В этих самосожжениях, дым и смрад от которых стлался по Олонецким лесам, многие и даже ученые исследователи видели проявление какого-то нелепого упорного фанатизма. Но это неверно. Самосожжение - логика кроткого отчаяния, последнее средство слабого, борющегося за дорогую ему свободу совести и мысли, свободы недалекой, узкой, но все же свободы, мысли - наивной, младенческой, но все же мысли. Жизнь, требующая от религиозных идей бескорыстного служения своим сокровенным, не осознаваемым людьми но могучи стремлениям, создала в данном случае то же высокое воодушевление, какое привыкли видеть в древних мучениках христианства; и здесь, как и тогда, вызванная этим движением моральная сила обеспечила на время подъем организованного существования, что ярко выразилось между прочим в деятельности и процветании Выговской пустыни, этой своеобразной маленькой республики, успешно несшей на себе и выполнявшей среди северных топей и лесов высокие культурные задачи. Кто знает, какую картину представляла бы собою вся великая Озерная область, если бы этой силе было открыто свободное поле деятельности. Далеко за океаном, где не было "начальника с Олонца", при сходных условиях выросли города Бостон, Филадельфия, а вскоре затем Нью-Йорк и Чикаго…
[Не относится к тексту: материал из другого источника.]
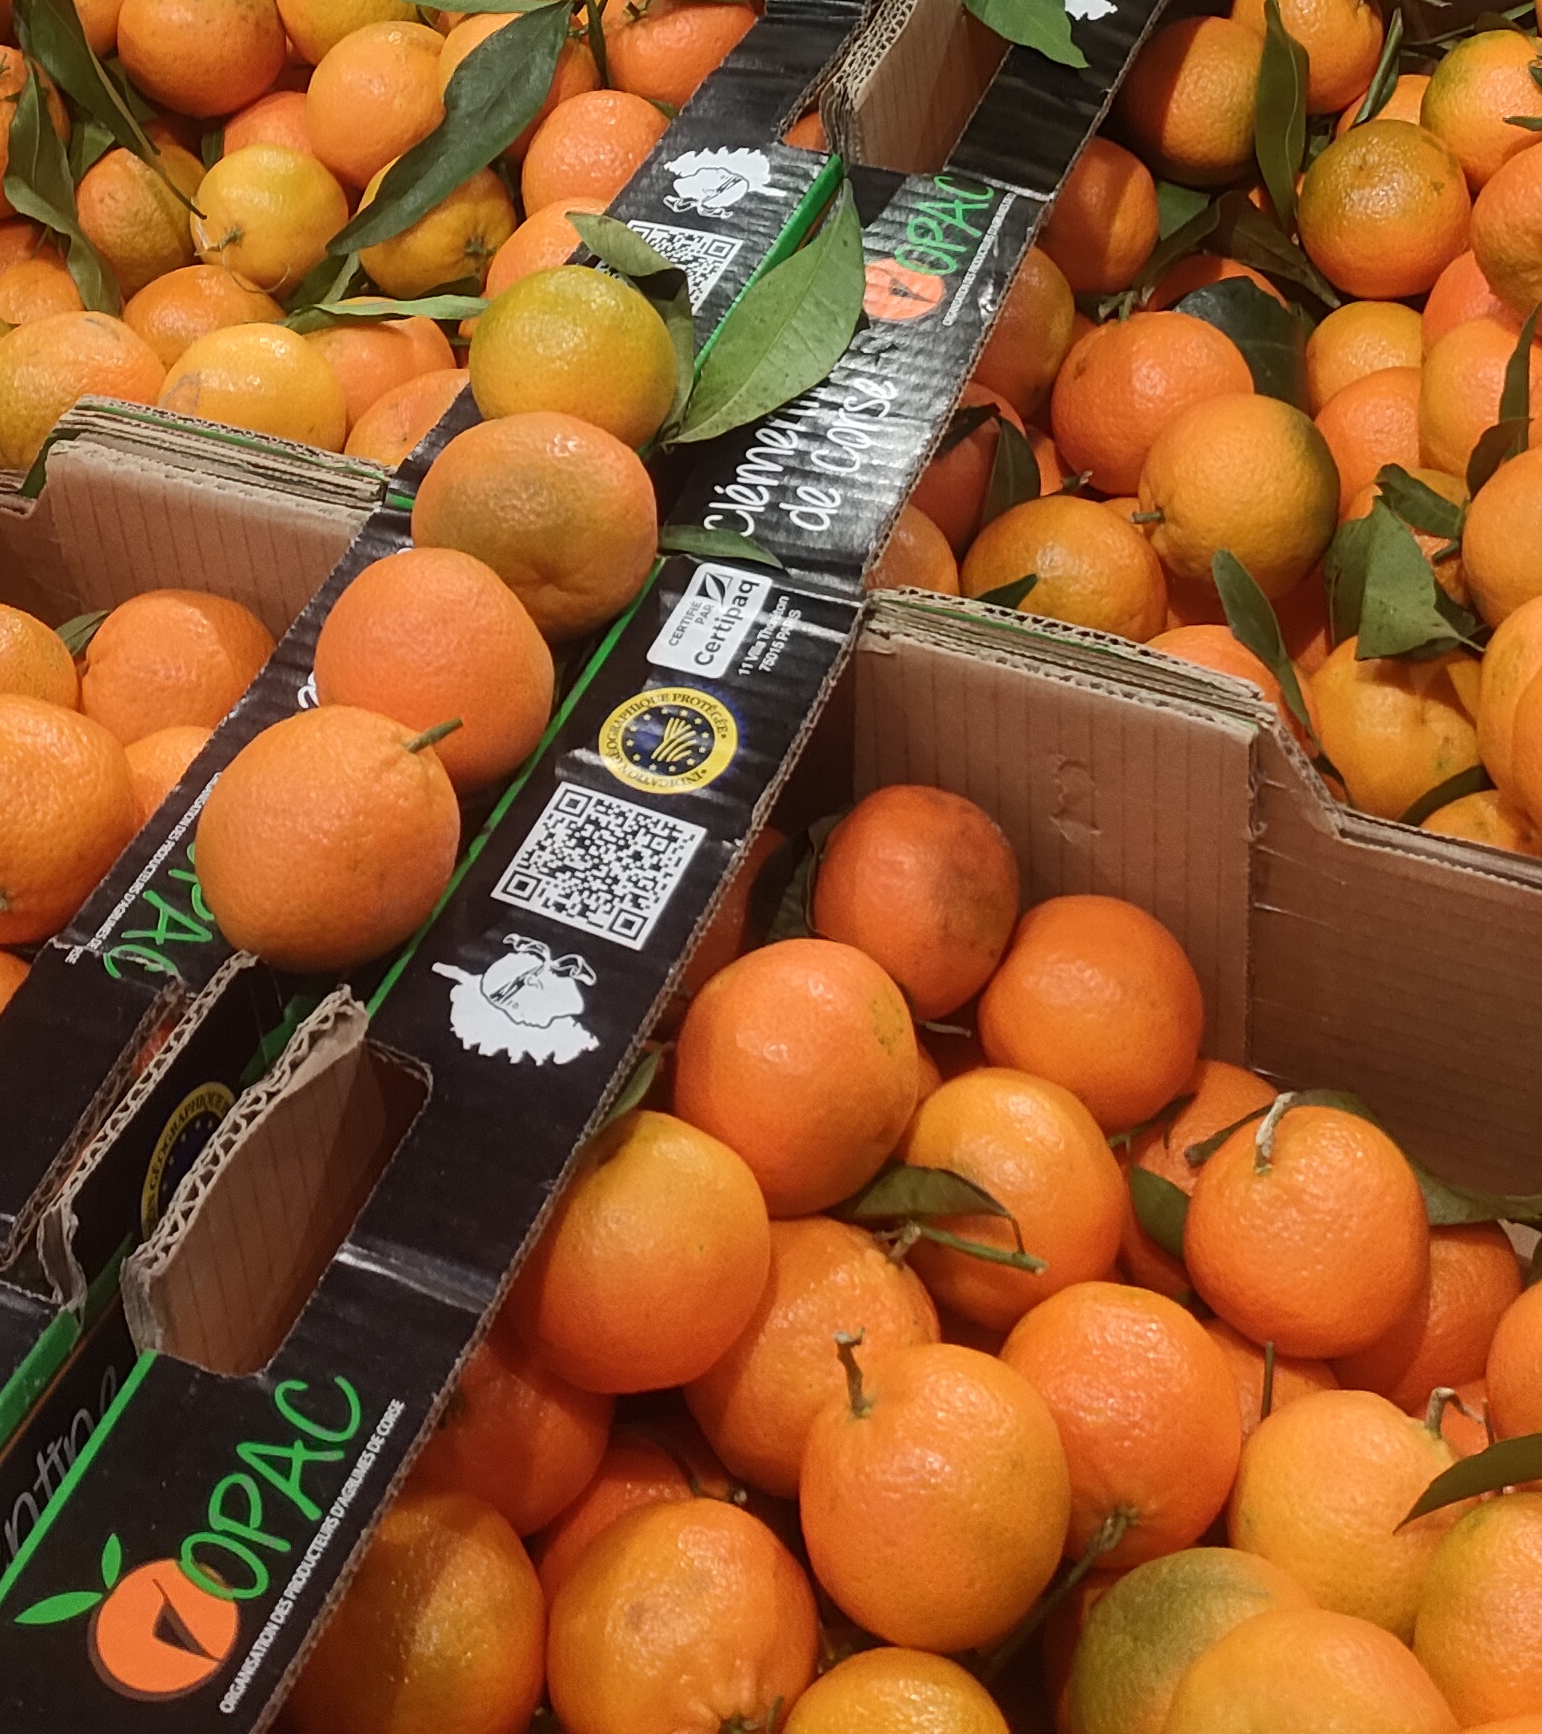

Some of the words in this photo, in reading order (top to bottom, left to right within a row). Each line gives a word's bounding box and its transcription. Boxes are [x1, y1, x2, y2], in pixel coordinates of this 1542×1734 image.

Познакомимся же вкратце с деятельностью некогда знаменитой, а ныне уже не существующей пустыни. Мы уже сказали выше, что начало организации, объединившей в одну общину многочисленные кельи поселившихся на Выге "старцев", беглецов из Соловецкого монастыря, положил Шуньгский дьячок Данила Викулов в 1695 г. Дело не обошлось без пророчества, которое легенда приписывает вышеупомянутому старцу Пимину: "бывшу оунего (у Пимина) некогда в Корельских пустынях из Помория Данилу Викулову и беседовавшему с ним и довольно о пользе душевней и егда Даниил начат в путь свой отходити, тогда отец Пимин изыде проводити его и понеже путь бе река, в лодку собрашася и Данил оубо седе к веслам хотя грести, оученику же отца Пимина остася место на корме, Пимин же седе по среде лодки, пророчествова духом глаголаше Данилу: ты Данииле сяди на корму зане ты будеши кормик и правитель добрый христианскому последнему народу в Выговской пустыни"… Как не вспомнить при этом знаменитое: "ты еси Петр и на сем камне созижду Церковь Мою"…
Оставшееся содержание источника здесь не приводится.